Return the entries verbatim and drop every picture.

===== ENTRIES SUPPLIED =====

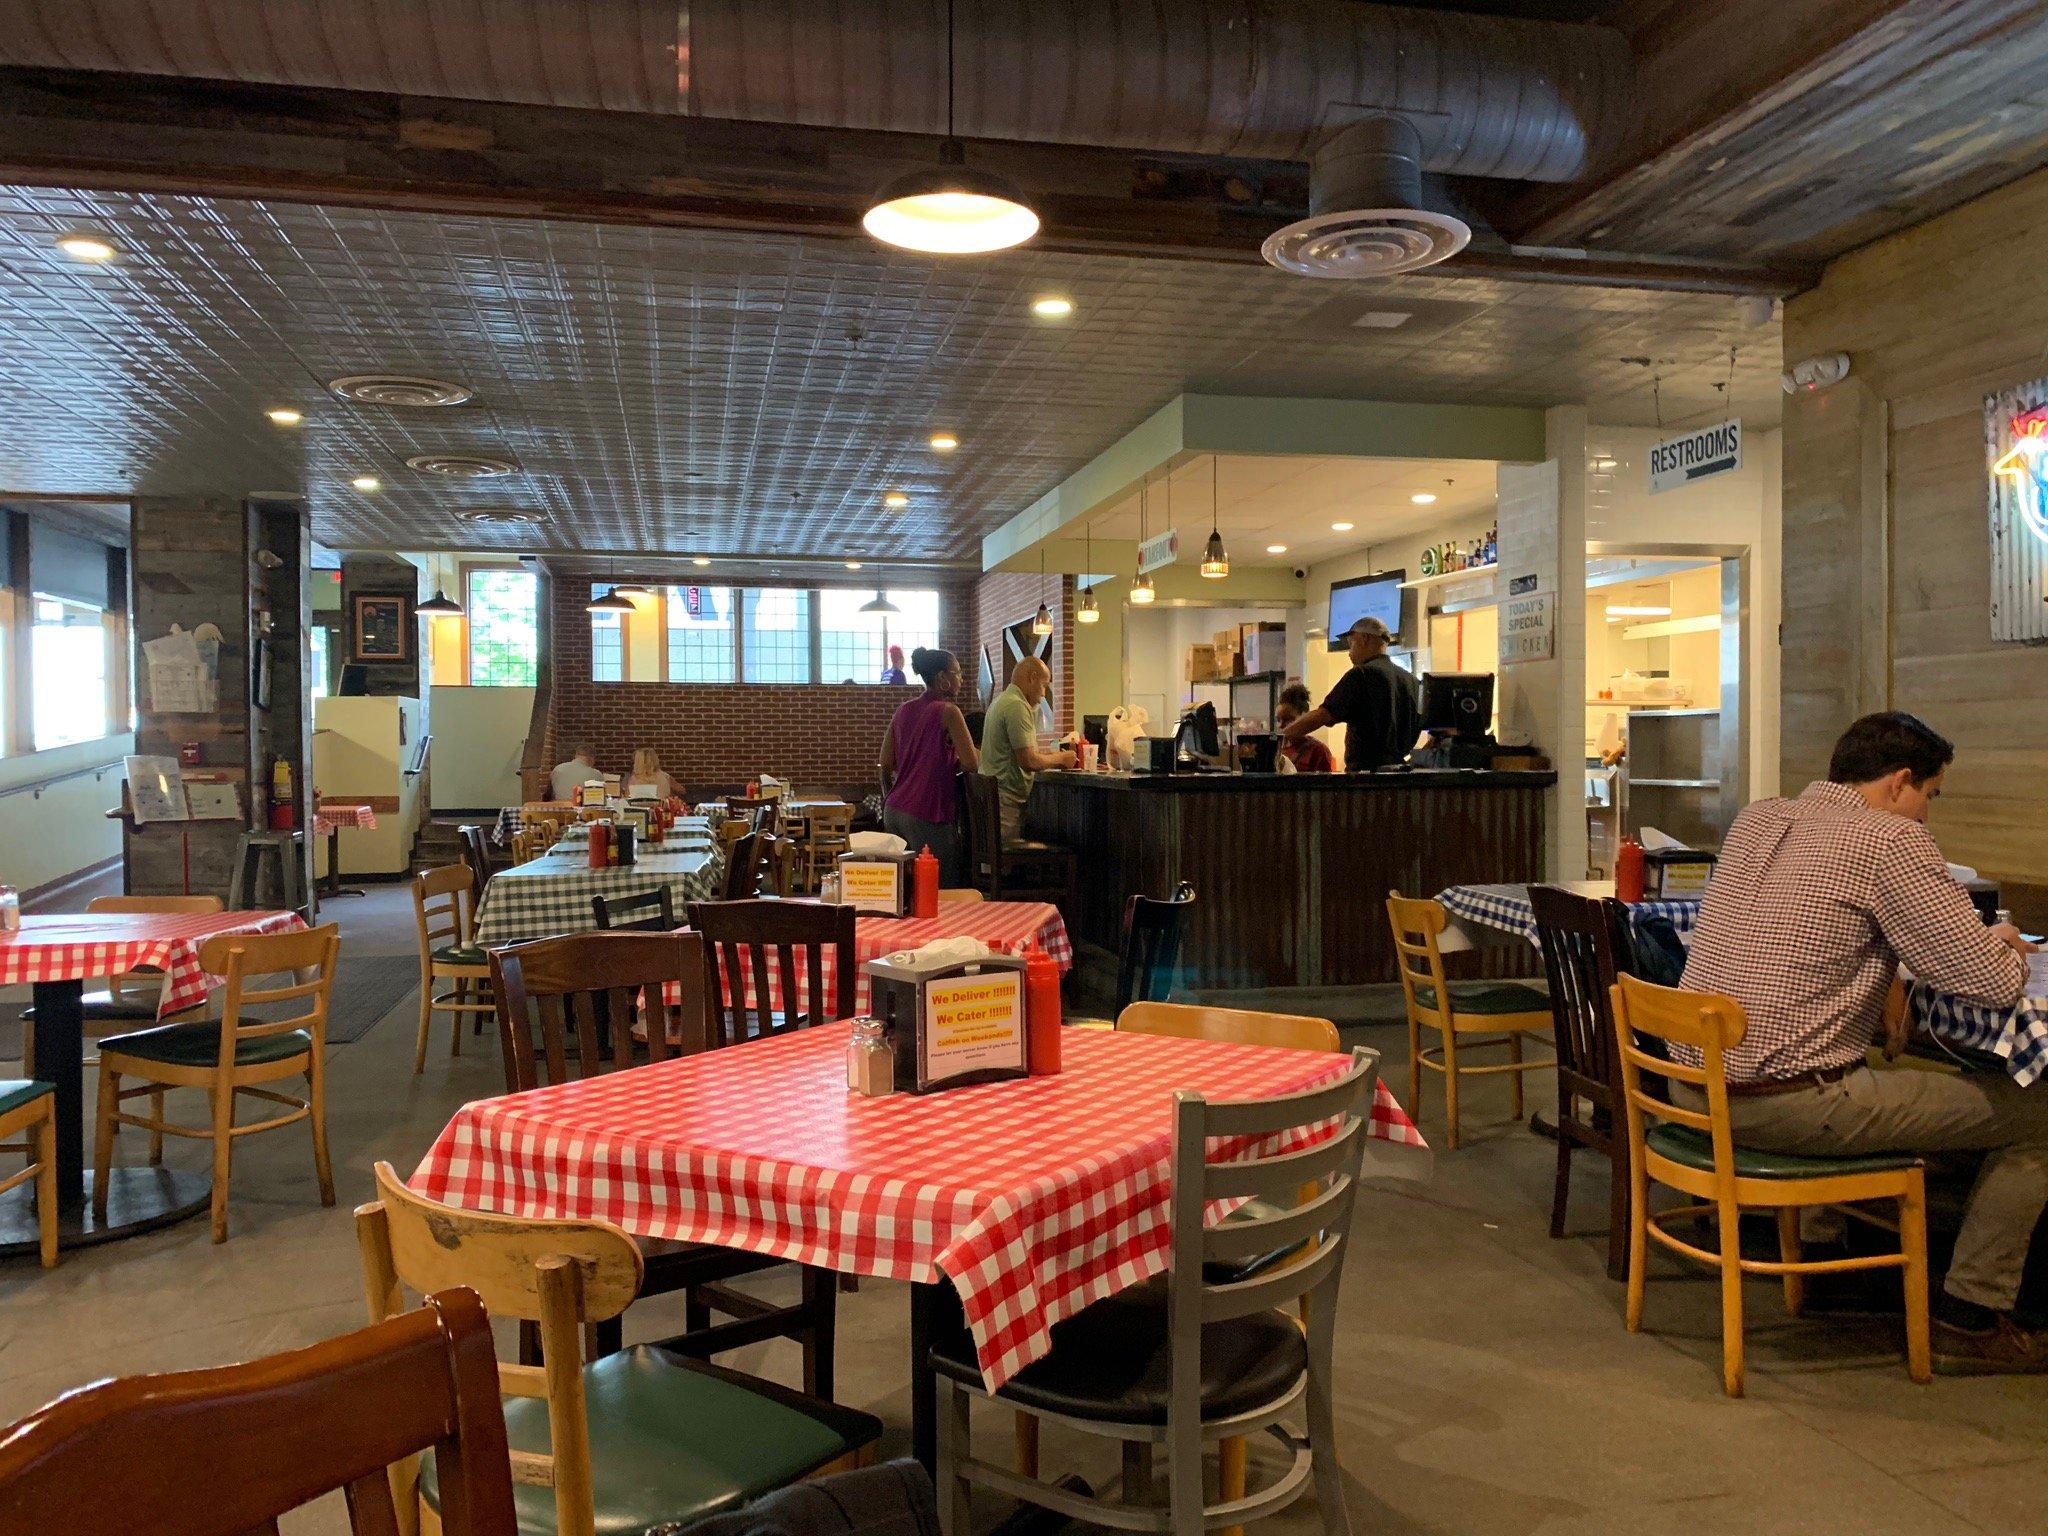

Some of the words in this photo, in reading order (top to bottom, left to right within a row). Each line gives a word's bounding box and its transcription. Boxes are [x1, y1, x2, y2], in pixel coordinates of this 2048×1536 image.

[1651, 424, 1738, 475] RESTROOMS
[1508, 599, 1544, 616] TODAY'S
[1508, 615, 1544, 631] SPECIAL
[932, 995, 949, 1005] We
[953, 991, 991, 1003] Deliver
[937, 1014, 953, 1025] We
[957, 1011, 986, 1022] Cater

=====

**PROBLEM SOLUTION:**
Some of the words in this photo, in reading order (top to bottom, left to right within a row). Each line gives a word's bounding box and its transcription. Boxes are [x1, y1, x2, y2], in pixel coordinates of this 2048×1536 image.

[1651, 424, 1738, 475] RESTROOMS
[1508, 599, 1544, 616] TODAY'S
[1508, 615, 1544, 631] SPECIAL
[932, 995, 949, 1005] We
[953, 991, 991, 1003] Deliver
[937, 1014, 953, 1025] We
[957, 1011, 986, 1022] Cater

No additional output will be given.